Last Saturday, I committed a sin. I reacted in anger to a rally at the plaza in our town where a thin blonde woman dressed in red, white and blue whipped up the Tea Party crowd by proclaiming that "The Environmentalists" had stolen the American agenda over the past forty years "while the rest of us were raising our children." As if environmentalists don't raise their children, but simply abort them or abandon them to be raised by wolves.
I hollered back at her from my car that it was her crowd that had stolen America's agenda--the climate change denying politicians, the short-run focused oil and energy corporations, the bought and paid for media. I felt such rage--it lasted for hours and perhaps still lurks behind these words, though I did turn it over to God and try to quiet my heart by imagining that I could become a Republican, infiltrate, transform from within. I mean, I believe in free enterprise, small business, the values of Abraham Lincoln. If Arlo Guthrie can do it, I can, too.
The thing is, the public view of the environment wasn't like this forty years ago. Who proposed and signed the bill that created the Environmental Protection Agency? Richard Nixon, for heaven's sake! And when he announced his plan for the EPA, the joint session of Congress stood up as one person to applaud him. Can you imagine anything remotely like that today? Is there one Republican today who would come out and admit that climate change is a reality, let alone sign on to legislation that would do something about it? Republicans Pete McCloskey of California and Mark Hatfield of Oregon both championed environmental laws in their day and were praised for it. Pete's now a Democrat, of course.
But the final word isn't politics. The final word is the Word. And what does God say about his creation? "The earth is mine and all that live therein." "Consider the birds of the air. Consider the lilies of the fields." Will there come a time when there are no birds outside of aviaries, no lilies growing wild? I know romantics have asked these questions for years. The Pre-Raphaelites, John Muir and the early Sierra Club, the back-to-the-landers of the 70's, Greenpeace, and others. But how is it that Christian people cannot seem to see that the creation they ignore, misuse in the pursuit of wealth, pretend is infinite in its ability to heal, belongs to the God they worship, not to them? That anything created by God is itself holy and therefore not available to be abused, raped, used up, polluted?
The earth is the Lord's. The earth includes glaciers, polar bears, vegetable fields, cattle in stockyards eating reprocessed manure, garbage dumps laden with computer waste where hungry children separate heavy metals and plastics, streams polluted with PCBs, pristine mountain lakes where the frogs are mysteriously dying, children with autism, tide pools that have lost their sea anemones. This earth was born from God's omniscient mind and omnipotent hand. It is not a thing, not the unintelligble and meaningless Other, not a huge uncomplaining slave existing only to serve the extravagant wants of the post-industrial world. The world is itself. A Thou.
Why would we, how can we dare to harm it? Our nest, our neighborhood. Who wants to live in an ugly filthy house that breeds disease among the inhabitants and is about to fall down on their heads?
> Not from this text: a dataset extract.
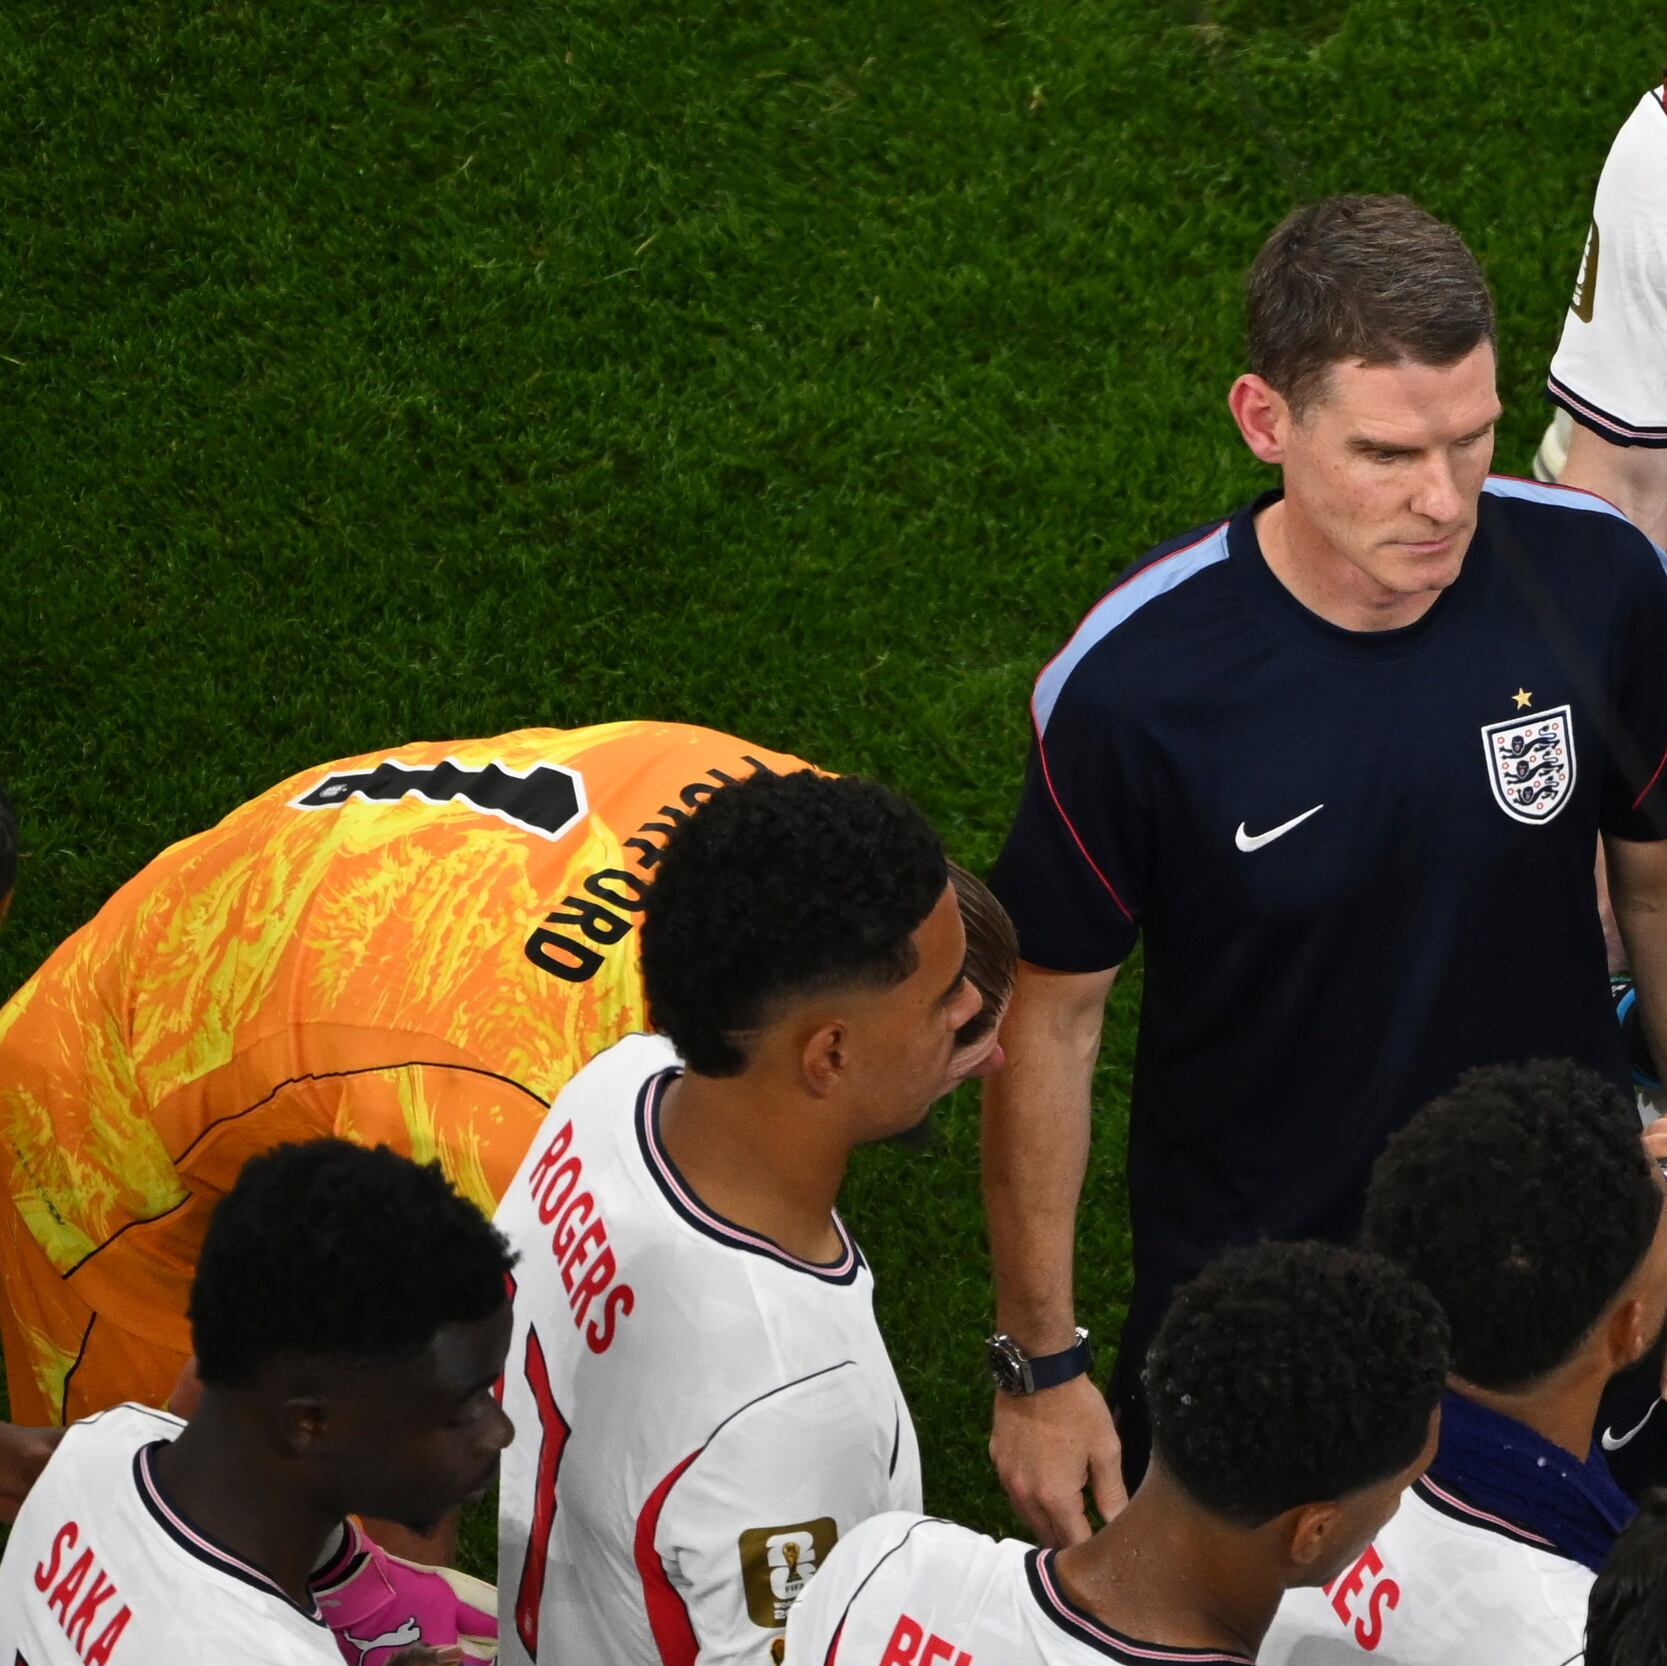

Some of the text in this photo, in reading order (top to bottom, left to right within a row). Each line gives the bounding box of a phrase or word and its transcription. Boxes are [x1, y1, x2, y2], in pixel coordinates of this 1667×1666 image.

Who wants to intentionally smash a beautiful priceless work of art? What kind of horror of a human being would strip and mangle a living thing because it was easier than caring for it? I am amazed that so few seem to really consider these questions about the place they are utterly dependent upon, that so few actively work to take care of the earth that is our home.
I love the Easter morning story in the Gospel of John, because Jesus appears to Mary Magdalene as a gardener. In his parables, he describes himself as a shepherd, a gate, the path to truth, the truth itself. But when Mary sees him, she sees a gardener. Someone up early in the morning caring for the plants and the creatures. It's a lovely image. The resurrected Christ tending his creation that longs for the appearing of God's new kingdom. Maybe while we are all awaitng that kingdom we can help hasten it by readying the garden that will be the place of its manifestation, the beautiful earth that is the Lord's.